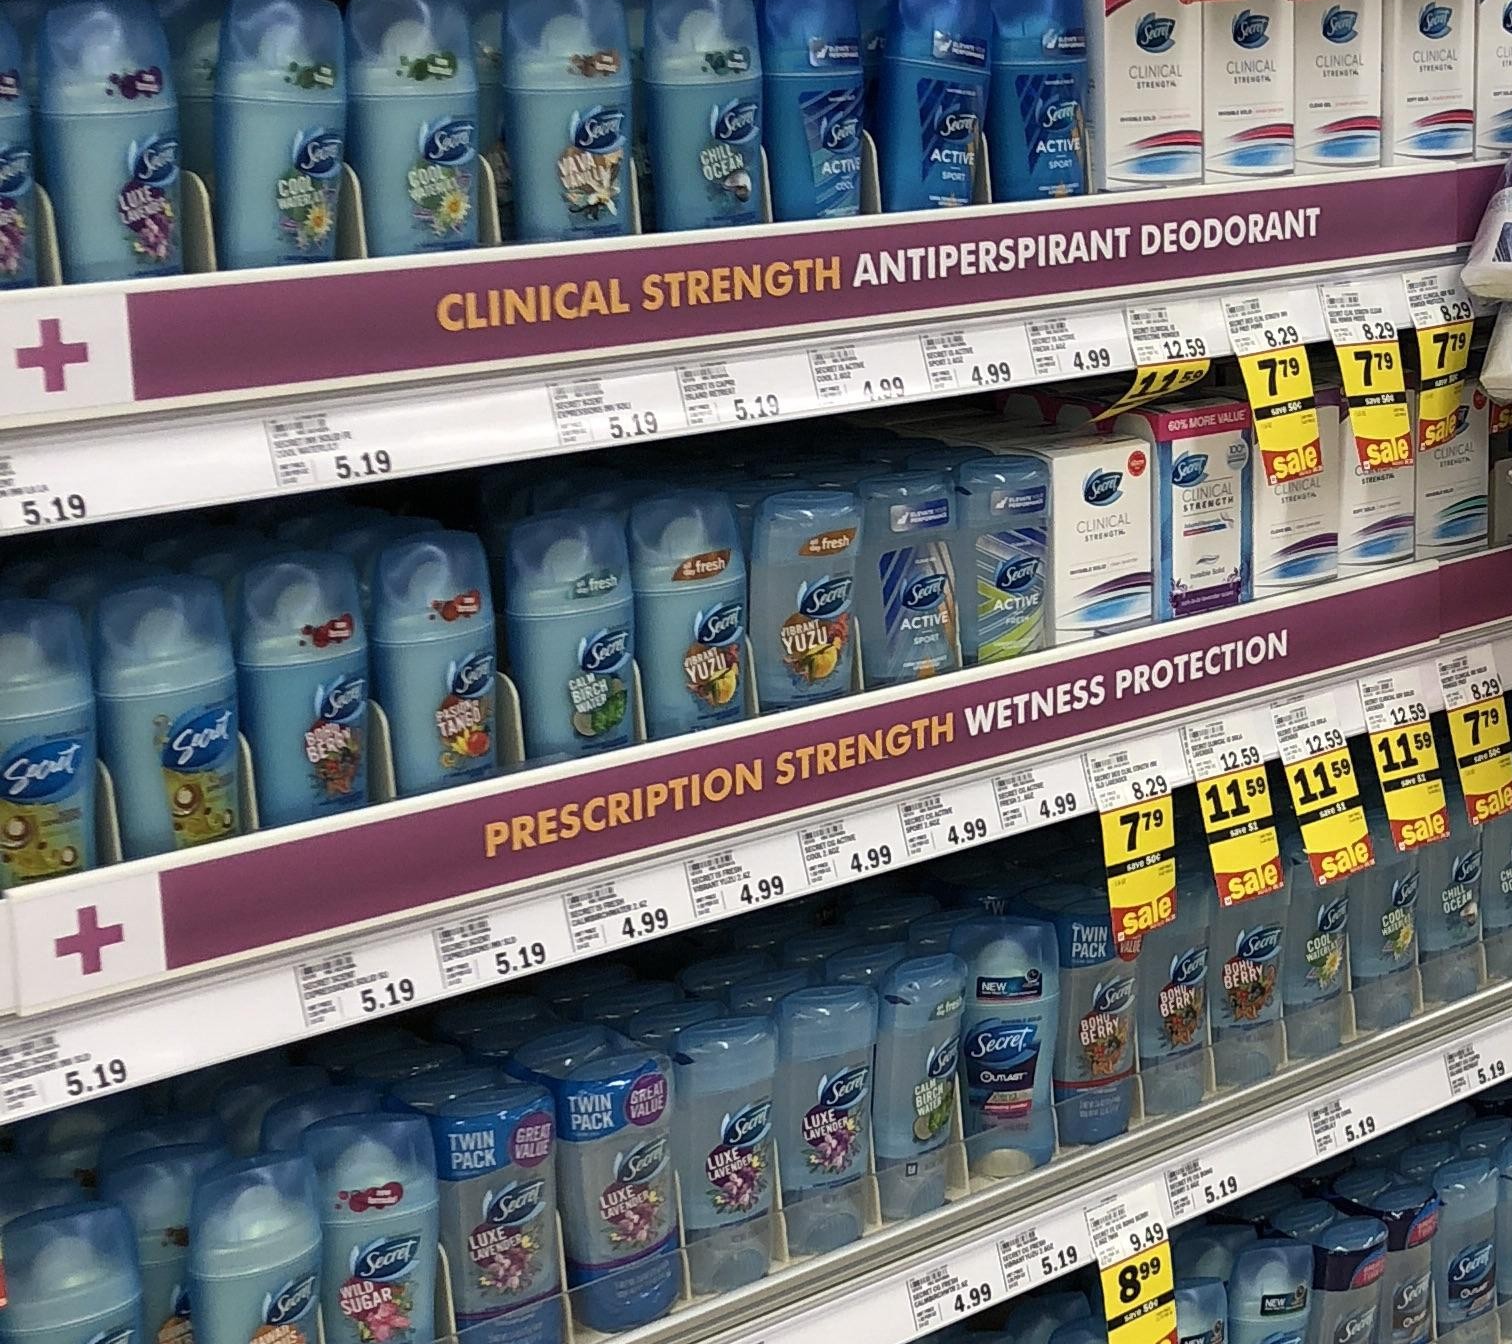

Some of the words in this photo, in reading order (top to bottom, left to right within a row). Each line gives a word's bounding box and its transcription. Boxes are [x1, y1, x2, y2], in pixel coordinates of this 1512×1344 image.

[1129, 64, 1183, 80] CLINICAL
[1226, 59, 1276, 74] CLINICAL
[1315, 54, 1364, 69] CLINICAL
[702, 158, 747, 183] OCEAN
[436, 278, 630, 333] CLINICAL
[642, 256, 842, 311] STRENGTH
[853, 226, 1131, 288] ANTIPERSPIRANT
[1141, 207, 1321, 256] DEODORANT
[1440, 301, 1472, 322] 8.29
[1264, 325, 1299, 348] 8.29
[1362, 318, 1395, 341] 8.29
[1163, 337, 1206, 360] 12.59
[971, 361, 1012, 385] 4.99
[1190, 415, 1216, 429] MORE
[1217, 410, 1246, 426] VALUE
[335, 449, 392, 480] 5.19
[1272, 444, 1319, 480] sale
[22, 493, 86, 526] 5.19
[1183, 496, 1235, 513] STRENGTH
[821, 534, 851, 550] fresh
[993, 592, 1040, 613] ACTIVE
[781, 619, 819, 638] VIBRANT
[901, 612, 949, 630] ACTIVE
[781, 628, 829, 655] YUZU
[686, 656, 727, 684] YUZU
[485, 759, 764, 857] PRESCRIPTION
[776, 713, 955, 783] STRENGTH
[965, 672, 1106, 737] WETNESS
[1115, 629, 1289, 700] PROTECTION
[496, 942, 547, 976] 5.19
[361, 979, 416, 1013] 5.19
[981, 982, 1007, 993] NEW
[970, 1031, 1027, 1058] Secret
[66, 1059, 128, 1096] 5.19
[568, 1093, 614, 1115] TWIN
[629, 1083, 664, 1104] GREAT
[629, 1098, 664, 1119] VALUE
[570, 1112, 615, 1131] PACK
[803, 1109, 836, 1131] LUXE
[448, 1131, 496, 1153] TWIN
[515, 1124, 551, 1146] GREAT
[451, 1149, 496, 1171] PACK
[514, 1138, 550, 1161] VALUE
[707, 1146, 740, 1168] LUXE
[1131, 1224, 1164, 1252] 9.49
[339, 1282, 374, 1301] WILD
[340, 1288, 392, 1316] SUGAR
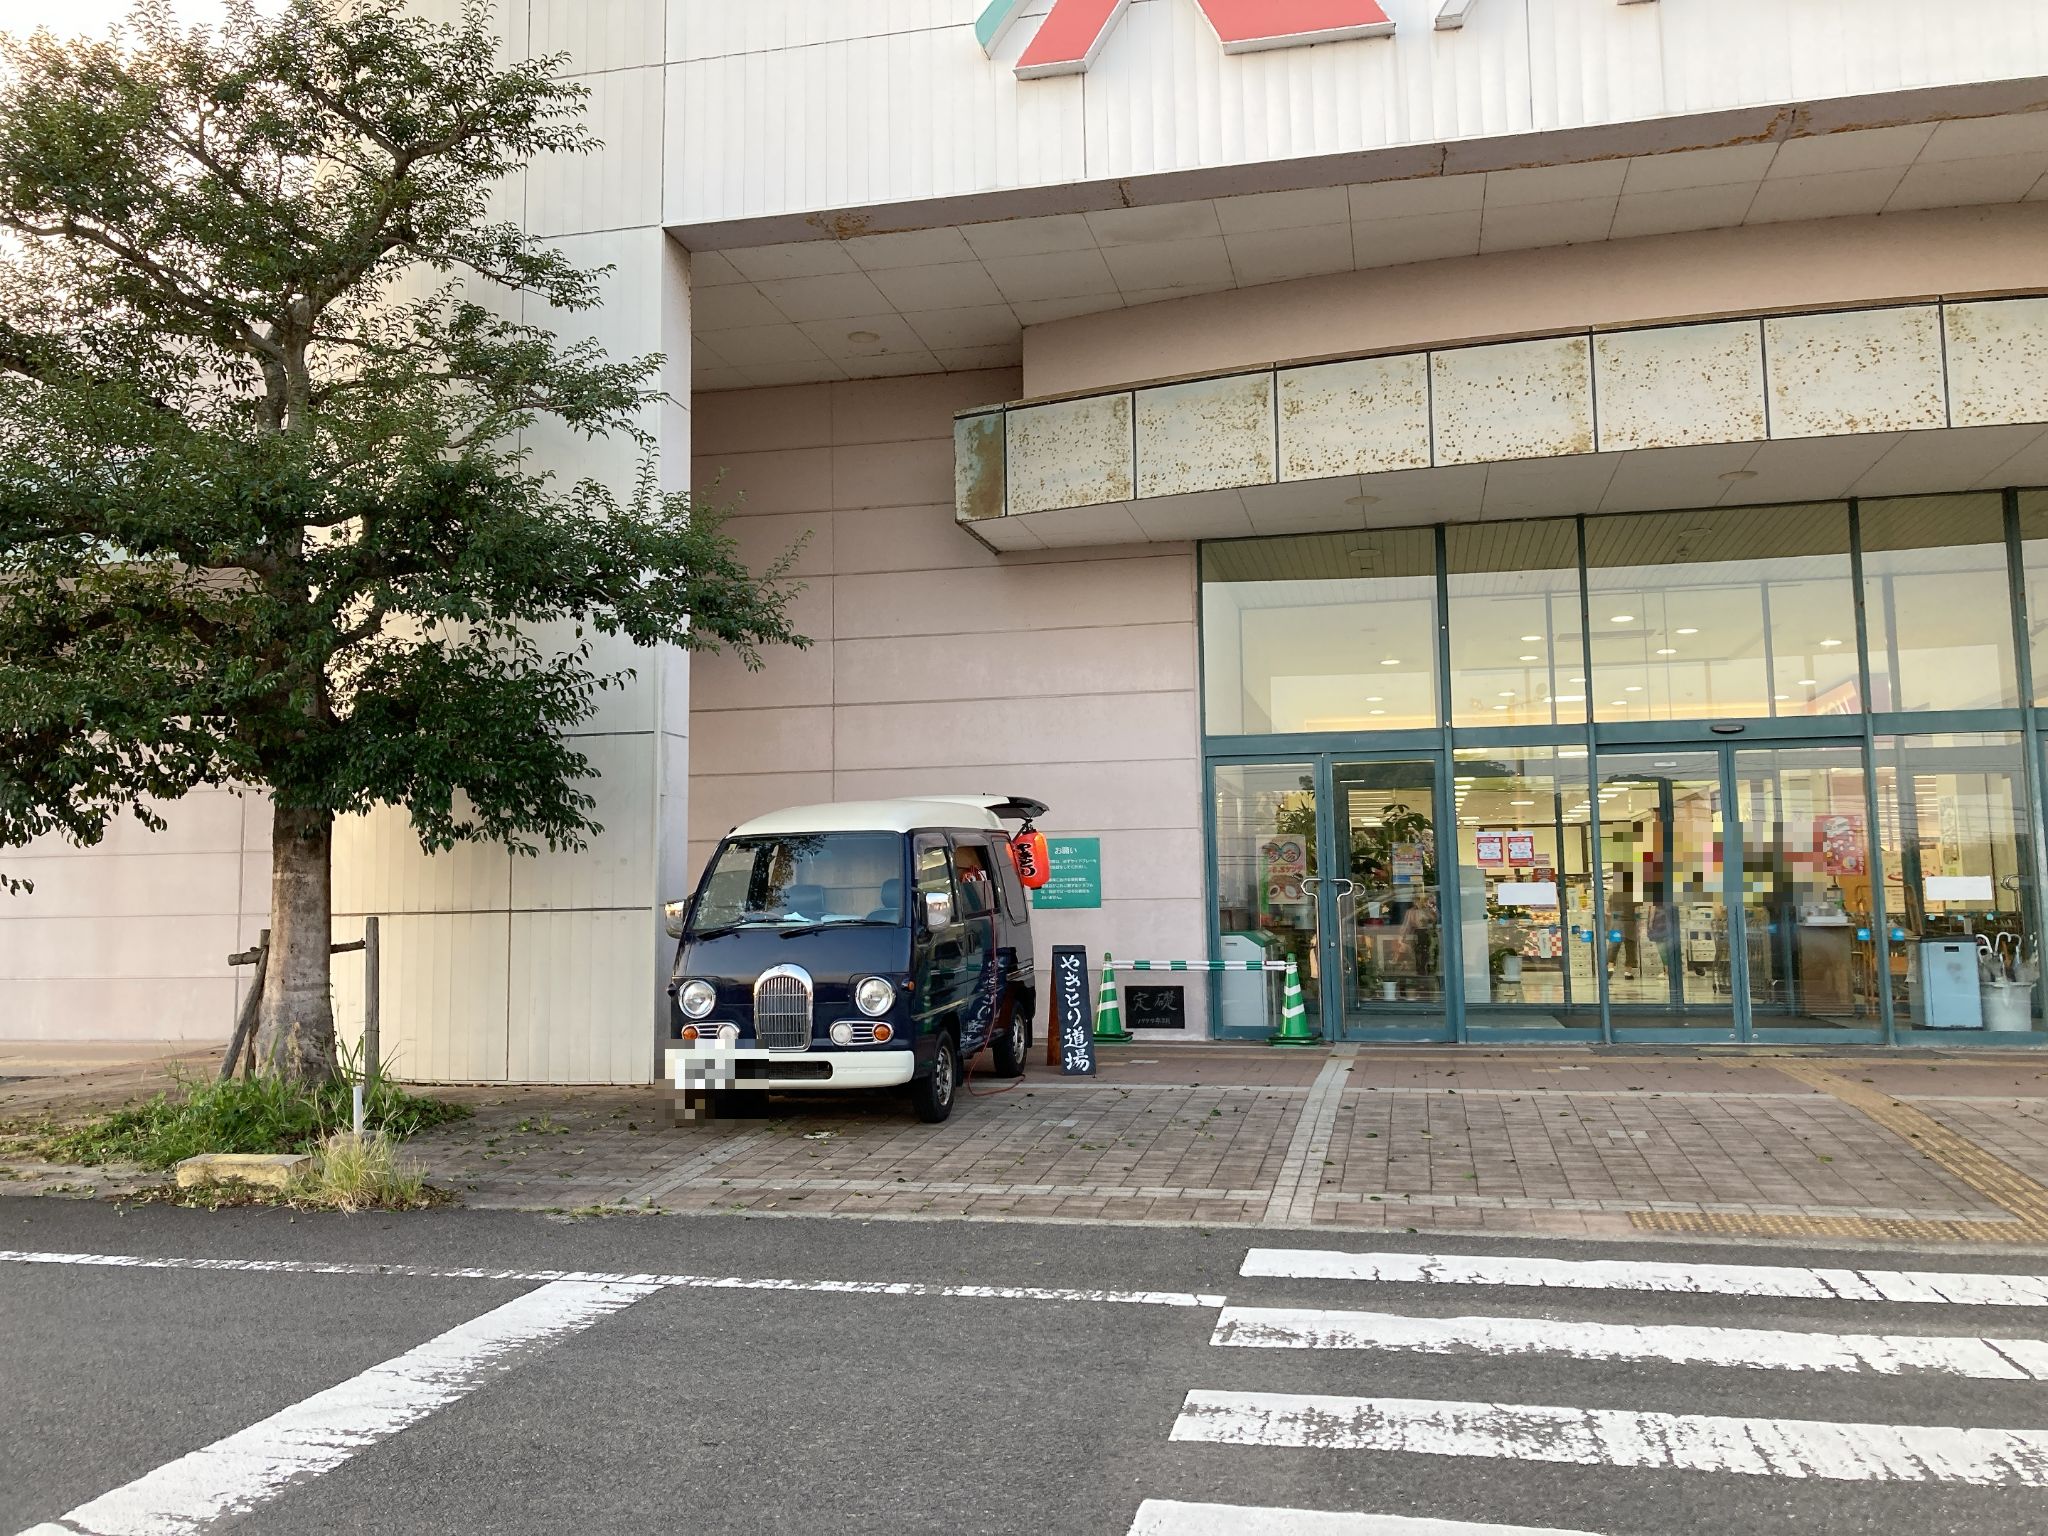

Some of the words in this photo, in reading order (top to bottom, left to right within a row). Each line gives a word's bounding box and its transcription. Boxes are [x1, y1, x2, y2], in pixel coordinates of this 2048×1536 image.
──────
* [Try it]: Reproduce all the entries above exactly. Include no images.

* [Result of this task]:
Some of the words in this photo, in reading order (top to bottom, left to right within a row). Each line gives a word's bounding box and its transcription. Boxes are [x1, y1, x2, y2], in pixel coordinates of this 1512×1344 image.

[1129, 64, 1183, 80] CLINICAL
[1226, 59, 1276, 74] CLINICAL
[1315, 54, 1364, 69] CLINICAL
[702, 158, 747, 183] OCEAN
[436, 278, 630, 333] CLINICAL
[642, 256, 842, 311] STRENGTH
[853, 226, 1131, 288] ANTIPERSPIRANT
[1141, 207, 1321, 256] DEODORANT
[1440, 301, 1472, 322] 8.29
[1264, 325, 1299, 348] 8.29
[1362, 318, 1395, 341] 8.29
[1163, 337, 1206, 360] 12.59
[971, 361, 1012, 385] 4.99
[1190, 415, 1216, 429] MORE
[1217, 410, 1246, 426] VALUE
[335, 449, 392, 480] 5.19
[1272, 444, 1319, 480] sale
[22, 493, 86, 526] 5.19
[1183, 496, 1235, 513] STRENGTH
[821, 534, 851, 550] fresh
[993, 592, 1040, 613] ACTIVE
[781, 619, 819, 638] VIBRANT
[901, 612, 949, 630] ACTIVE
[781, 628, 829, 655] YUZU
[686, 656, 727, 684] YUZU
[485, 759, 764, 857] PRESCRIPTION
[776, 713, 955, 783] STRENGTH
[965, 672, 1106, 737] WETNESS
[1115, 629, 1289, 700] PROTECTION
[496, 942, 547, 976] 5.19
[361, 979, 416, 1013] 5.19
[981, 982, 1007, 993] NEW
[970, 1031, 1027, 1058] Secret
[66, 1059, 128, 1096] 5.19
[568, 1093, 614, 1115] TWIN
[629, 1083, 664, 1104] GREAT
[629, 1098, 664, 1119] VALUE
[570, 1112, 615, 1131] PACK
[803, 1109, 836, 1131] LUXE
[448, 1131, 496, 1153] TWIN
[515, 1124, 551, 1146] GREAT
[451, 1149, 496, 1171] PACK
[514, 1138, 550, 1161] VALUE
[707, 1146, 740, 1168] LUXE
[1131, 1224, 1164, 1252] 9.49
[339, 1282, 374, 1301] WILD
[340, 1288, 392, 1316] SUGAR

Some of the words in this photo, in reading order (top to bottom, left to right within a row). Each line gives a word's bounding box and its transcription. Boxes are [x1, y1, x2, y2], in pixel coordinates of this 2048×1536 image.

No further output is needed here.